Another conventional air control valve is disclosed in U.S. Pat. No. 4,369,755 issued to Masaaki Saito on Jan. 25, 1983, entitled "Air Control Device". This prior control valve is positioned in an air passage bypassing the throttle valve and thus operates independently thereof. A D.C. motor is connected to an inner cylindrical body in such a way that the latter can be rotated by the former. Rotation of the inner cylindrical body relative to an outer cylindrical body thus controls the amount of air flowing through the air passage bypassing the throttle. No means are disclosed in U.S. Pat. No. 4,369,755 however, which mechanically "decouples" the D.C. motor and the inner cylindrical body in response to a threshold torque being exceeded. Thus, the provision of a rotation angle sensor and a motor disabling circuit appear to be requirements of the valve of U.S. Pat. No. 4,369,755 during use since damage to the motor and/or inner cylindrical body could ensue without such electronic safeguards when the inner cylindrical body achieves its maximum (minimum) rotational position.

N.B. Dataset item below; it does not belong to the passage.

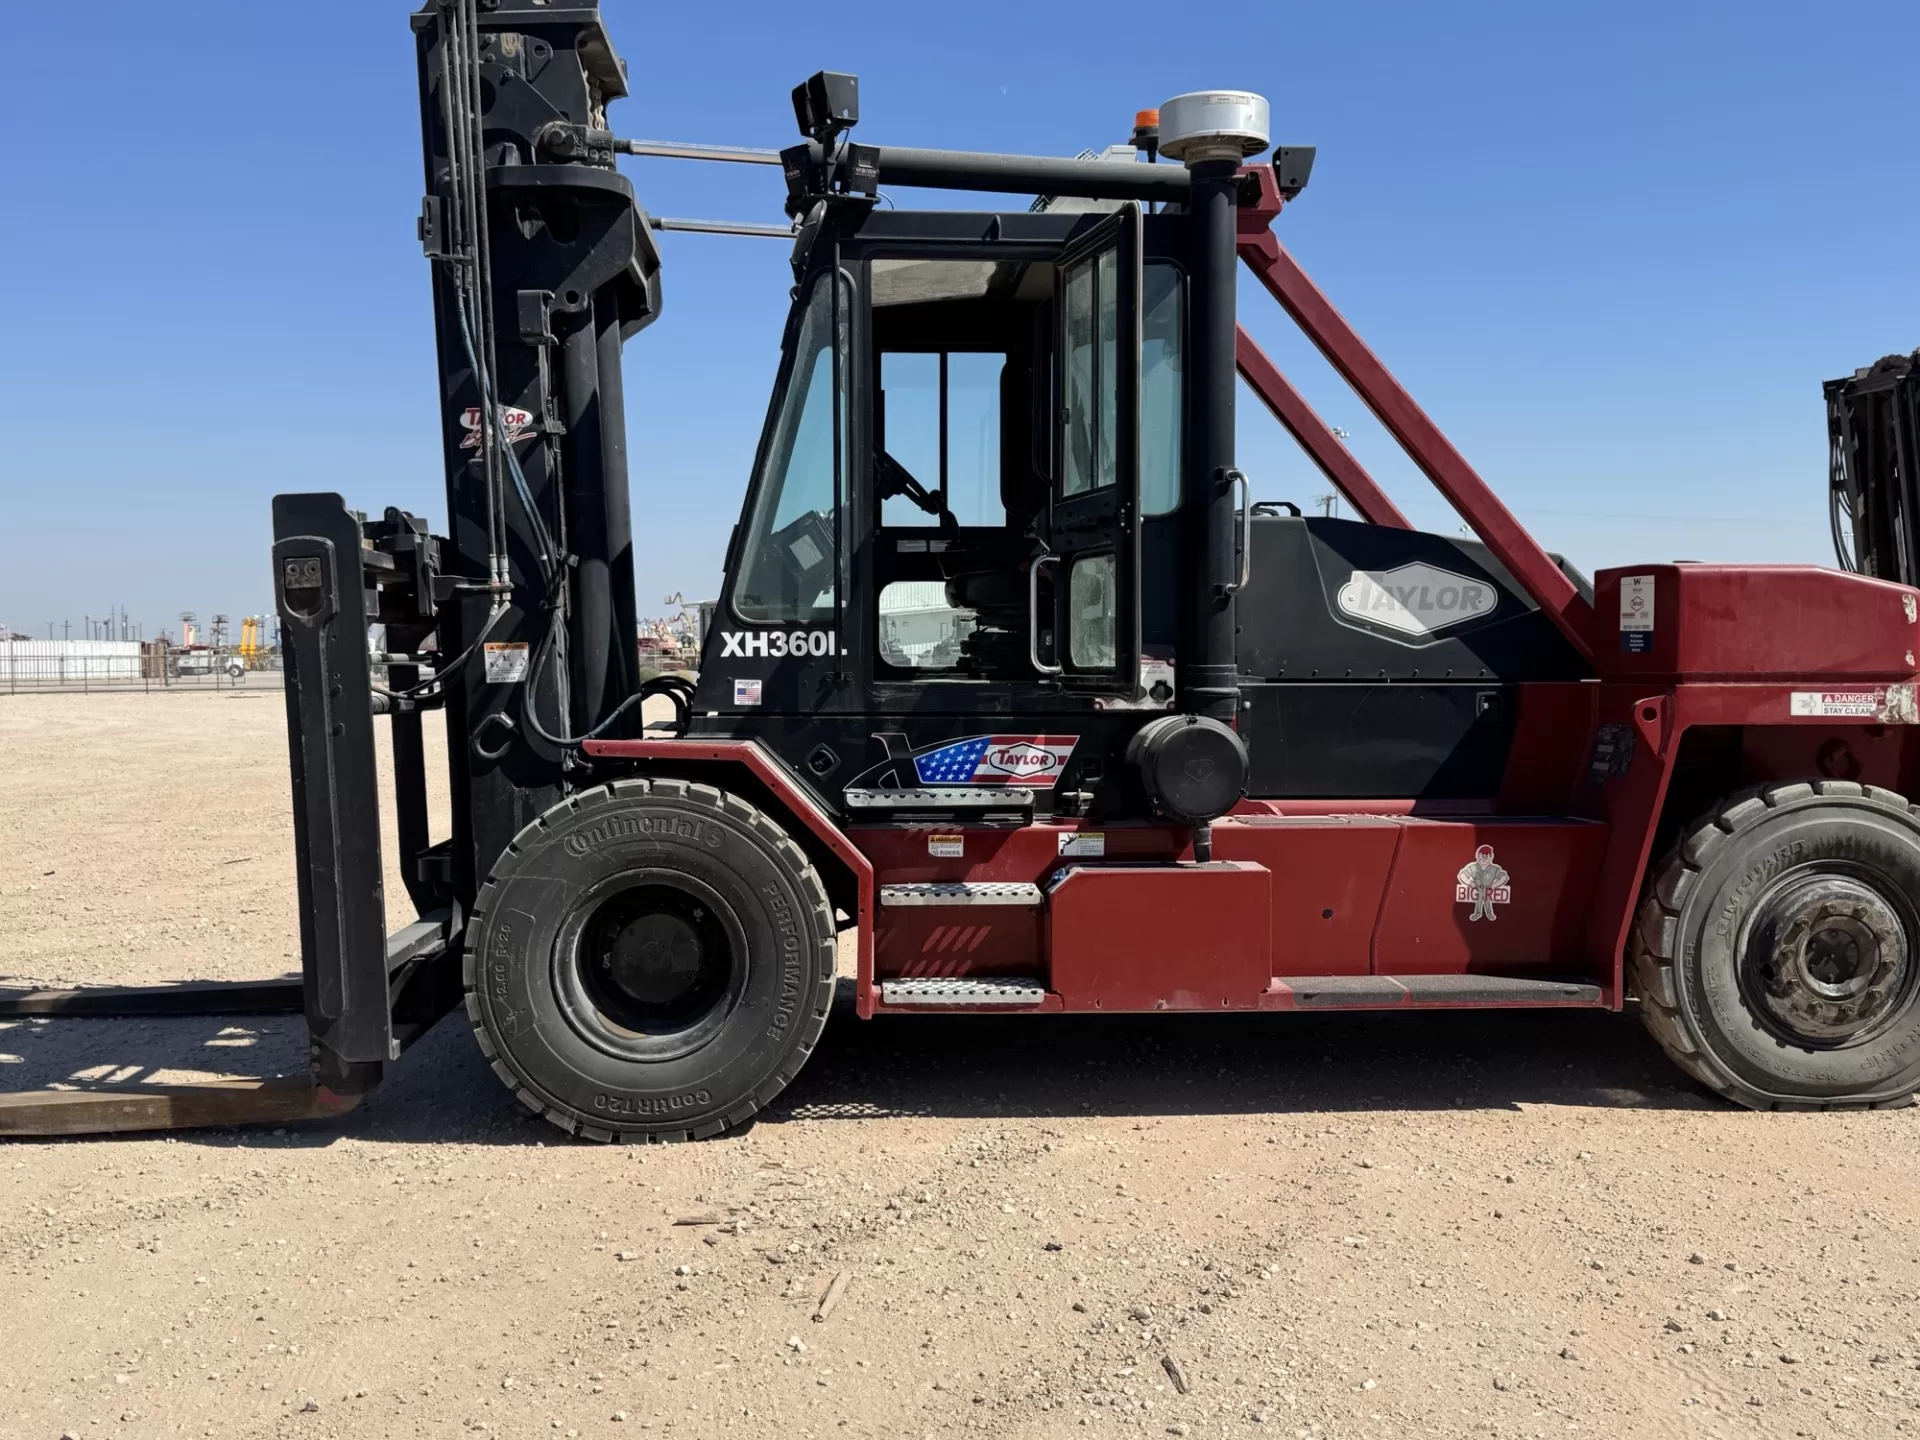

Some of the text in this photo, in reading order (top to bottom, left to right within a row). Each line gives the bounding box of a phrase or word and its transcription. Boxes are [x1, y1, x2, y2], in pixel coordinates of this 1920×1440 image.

A balanced dual valve air flow regulator is disclosed in U.S. Pat. 4,421,083 issued to Donald D. Stoltman on Dec. 20, 1983, entitled "Engine Air Flow Regulator". According to this prior patent, the ECU varies the duty cycle of a solenoid so as to correspondingly vary air flow past valve seats until pressure on one side of a diaphragm balances the diaphragm force with the bias of the solenoid. In such a manner, air flow control through a throttle bypass control may be accomplished independently of throttle position.